The MP trade has already grasped the bull by the horns as it were. They have started a Close Protection Unit (Currently not a unit per say). I think their Mandate covers what you are asking. The training is being handled by the assets you name and a third party. I am sure some one completely in the know will be along shortly.


----------



## HItorMiss (10 Oct 2007)

EX D

Found the thread relating to your questions.

http://forums.army.ca/forums/threads/53253.0.html


----------



## Journeyman (10 Oct 2007)

MedTech said:
			
		

> *This will be an interesting thing.*


 You were doing fine up to that point, and then you went off the rails.



> *Considering that DFA has never really had an armed escort presence before....how will they be viewed ... Canadians have never really been receptive to the idea of a private army, ....the proposed entity should also handle domestic foreign diplomatic protection ....*


Wow. So many things wrong in so few paragraphs. Close Protection Parties are common; there are many legal precedents and MOUs already in place; LdSH(RC) ring bells?

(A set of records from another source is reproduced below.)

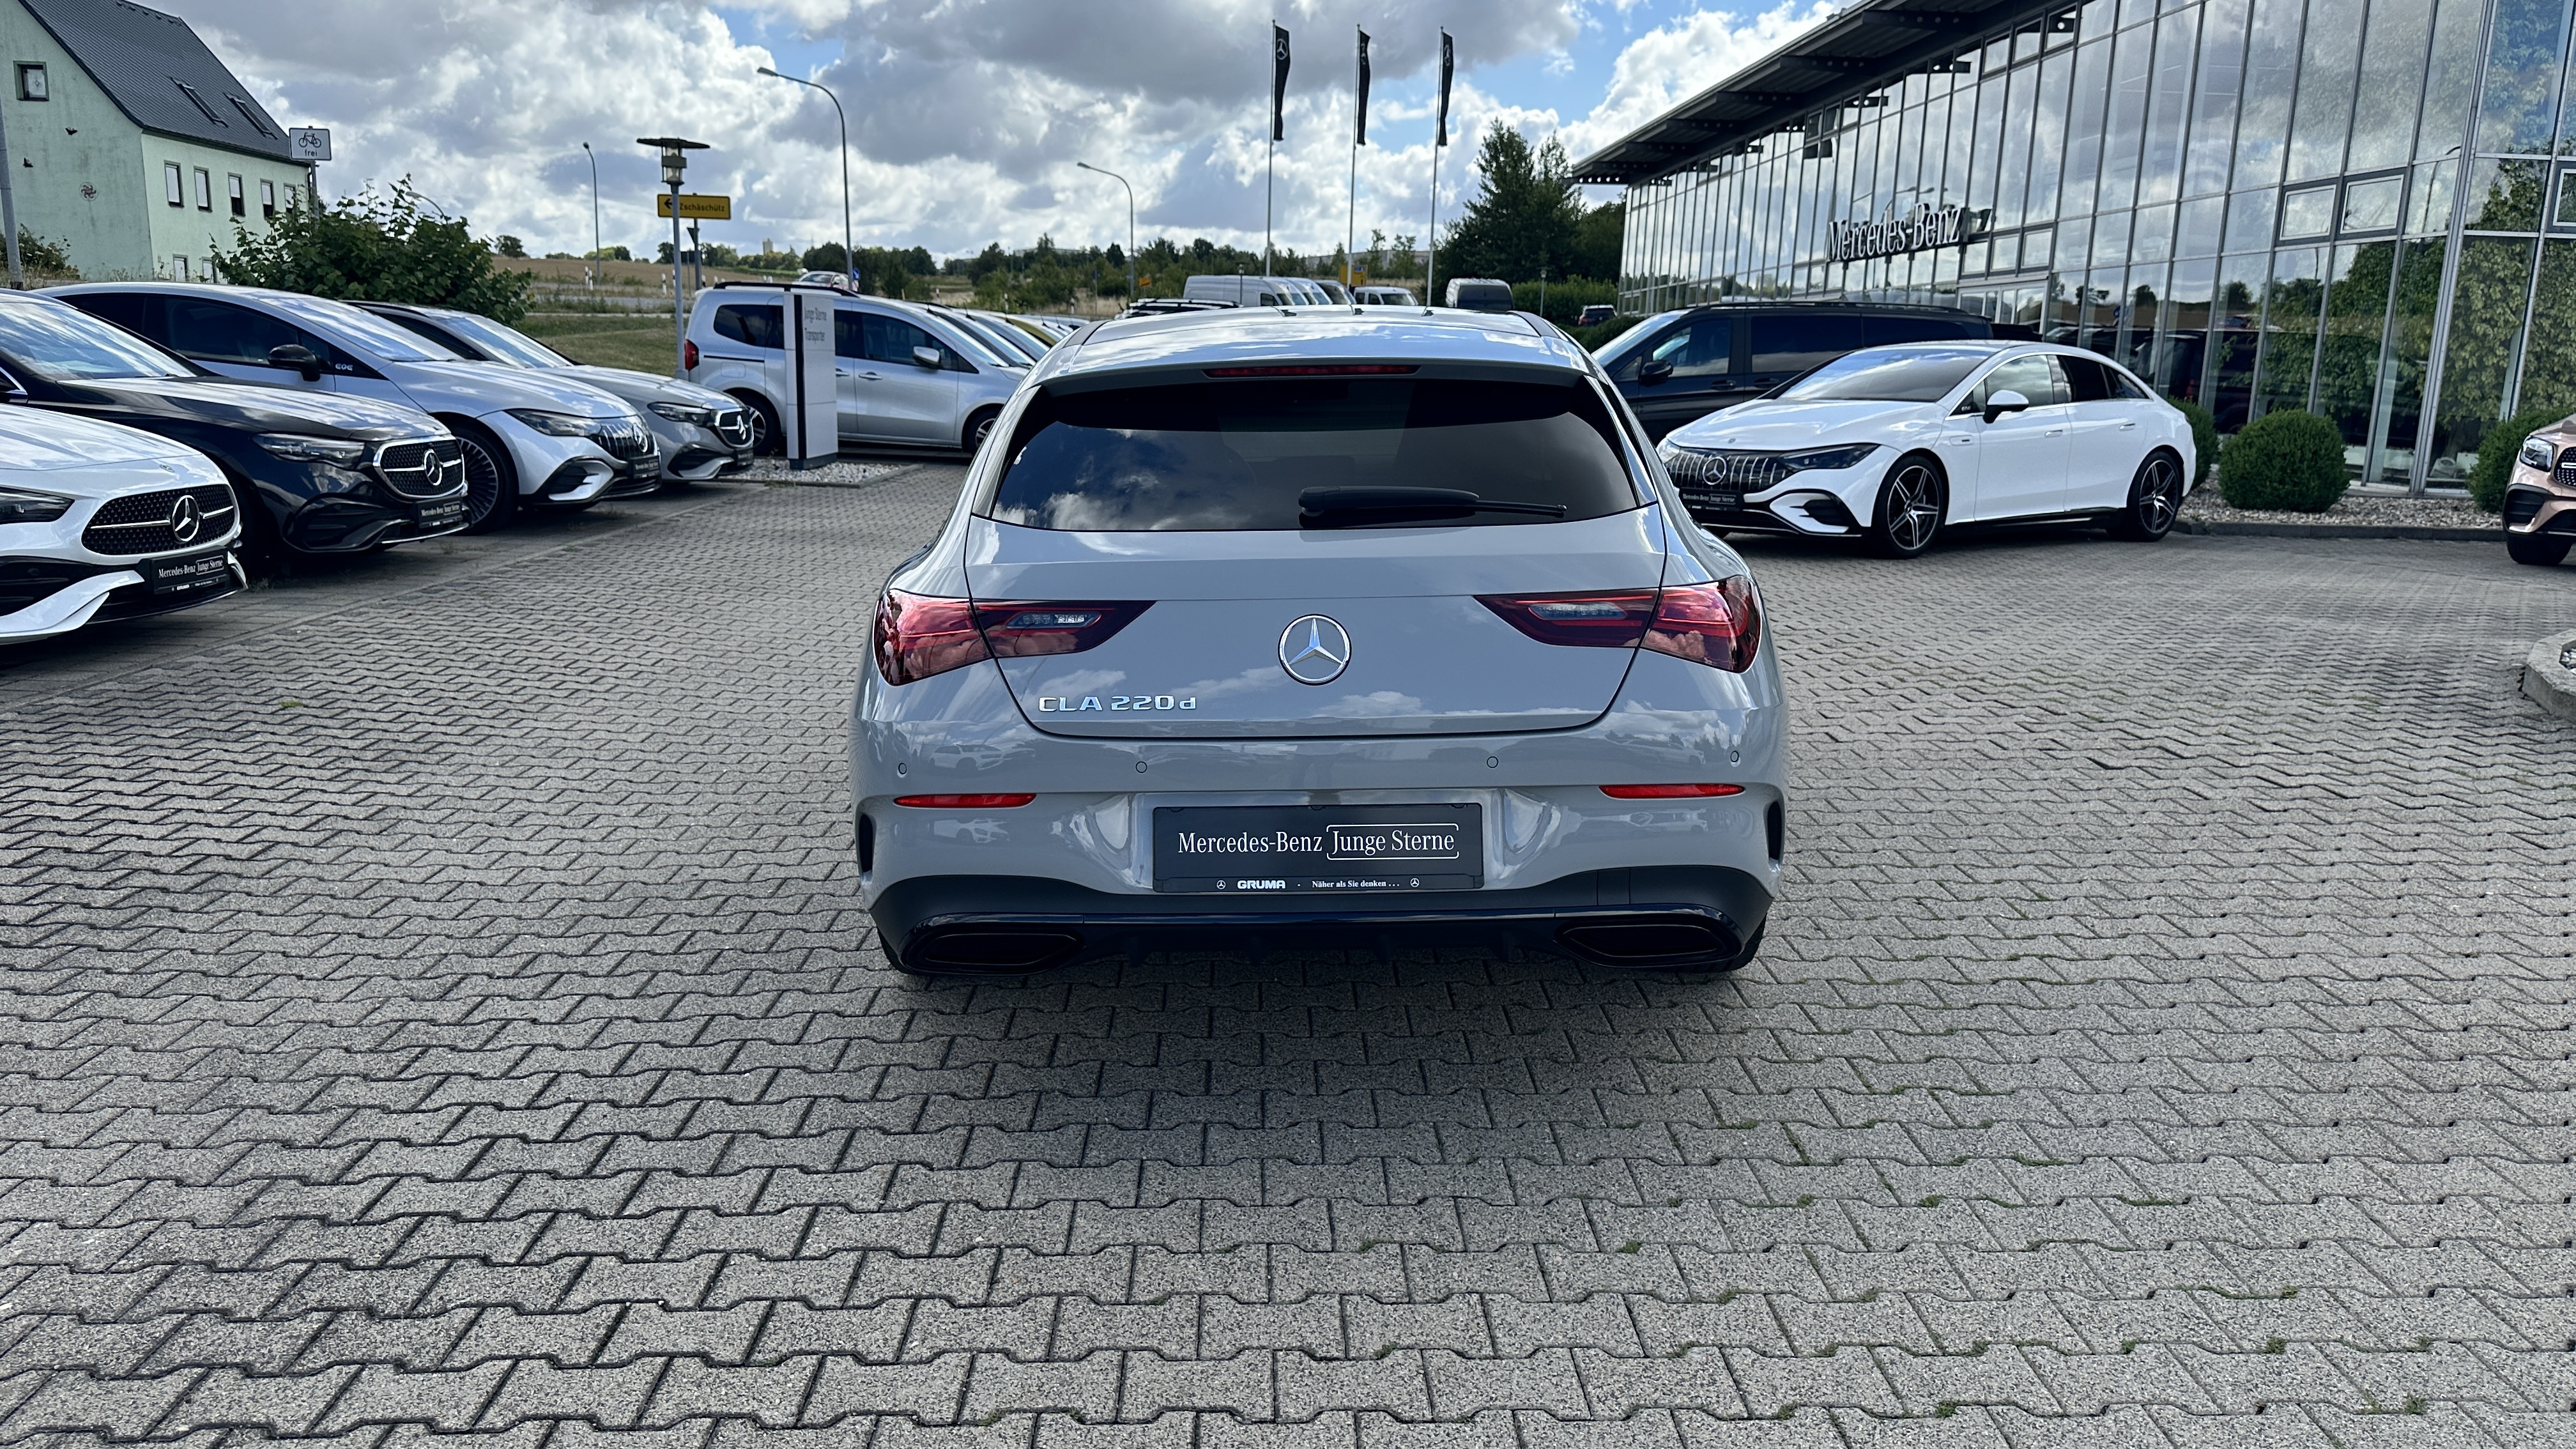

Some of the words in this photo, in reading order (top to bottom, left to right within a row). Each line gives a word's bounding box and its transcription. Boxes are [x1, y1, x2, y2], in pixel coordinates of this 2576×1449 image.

[679, 203, 725, 212] Zschäschütz
[1828, 203, 1961, 262] Mercedes-Benz
[158, 565, 196, 578] Mercedes-Benz
[197, 562, 210, 573] Junge
[210, 560, 223, 569] Sterne
[1039, 696, 1103, 712] CLA
[1177, 831, 1322, 854] Mercedes-Benz
[1332, 830, 1386, 856] Junge
[1392, 829, 1455, 851] Sterne
[1237, 880, 1286, 889] GRUMA
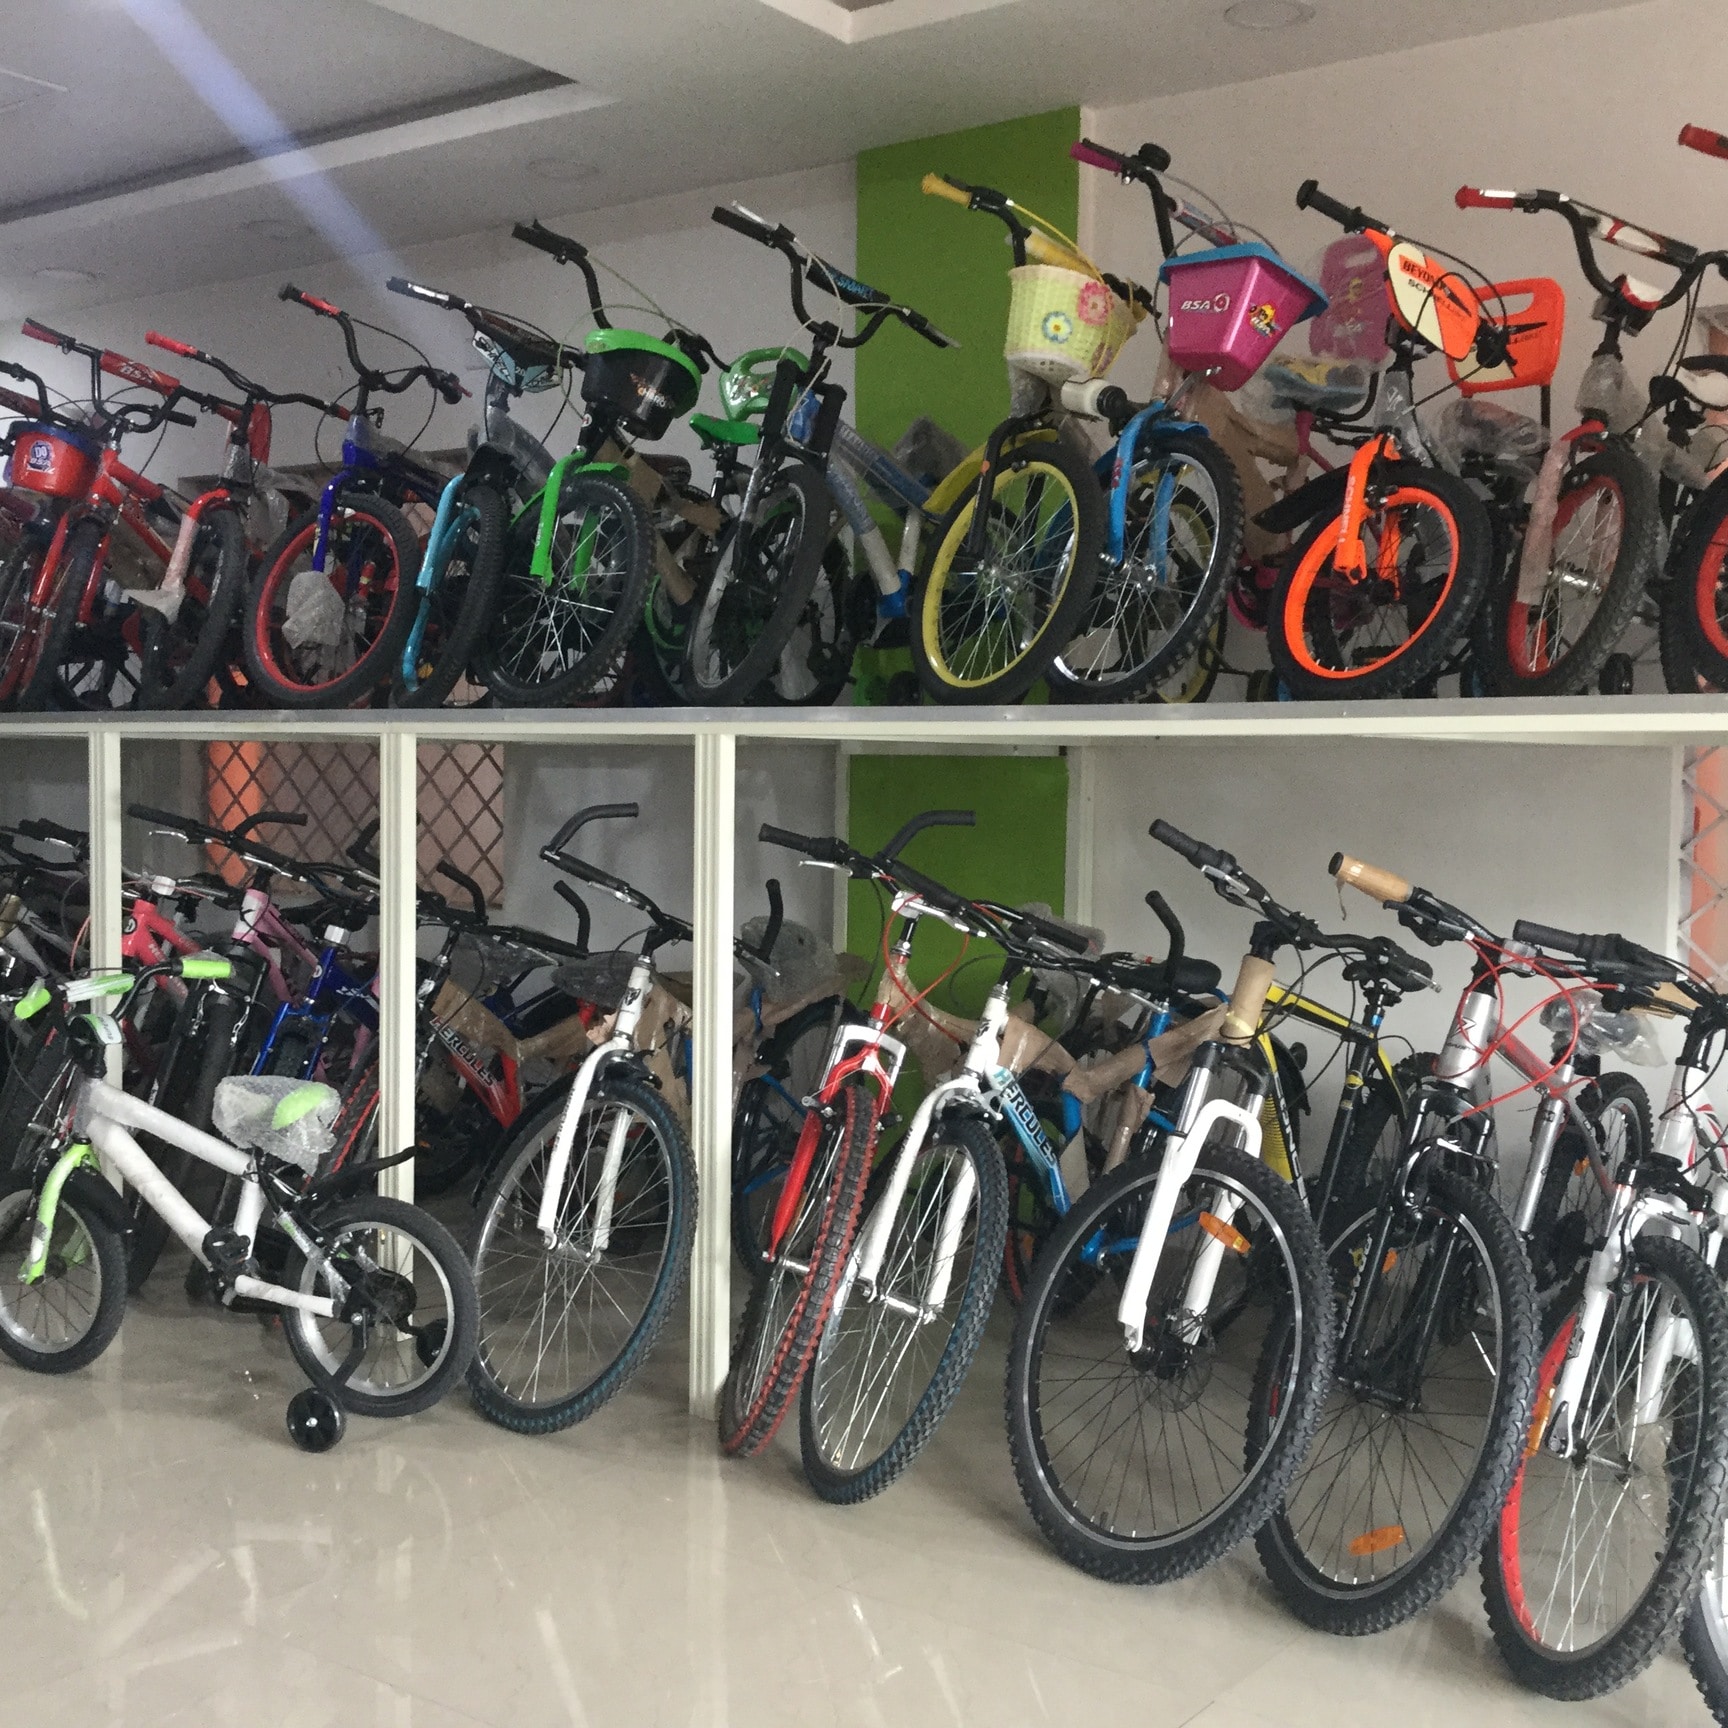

But you're talking of privatized security (vice army) -- do you shout "gun!" when you see a Brinks guard? No, private security is a commonly accepted and growing business; ....and CPP for all the foreign floppers?? Now you're just on crack.

You know those threads where someone comes along telling someone else to "stay in his lane"?  Picture that happening here.


----------



## garb811 (10 Oct 2007)

Should DFAIT institute it's own Diplomatic Protection Service?  Absolutely not.  Even the American's can't pull this off with all of their resources hence their reliance on Blackwater and others and I'm talking world wide, not just Iraq and Afghanistan.  DFAIT also had their own Security Guard program in the not so distant past which was replaced by MSGU and there is a reason the transition to MSGU happened...

If done right, the program would be so small and specialized that it would soon become a revolving door as people were trained, deployed, made contacts and left for PMCs to make the big bucks.  The military/public service will never be in a position to compete with private companies in the realm of salaries for those who are truely good at this.  The end result would be any DFAIT specific program would end up having too many guys who couldn't make the grade to get to the big leagues, which is not what you want, although I'm sure some decent guys would remain out of a sense of duty and loyalty perhaps.  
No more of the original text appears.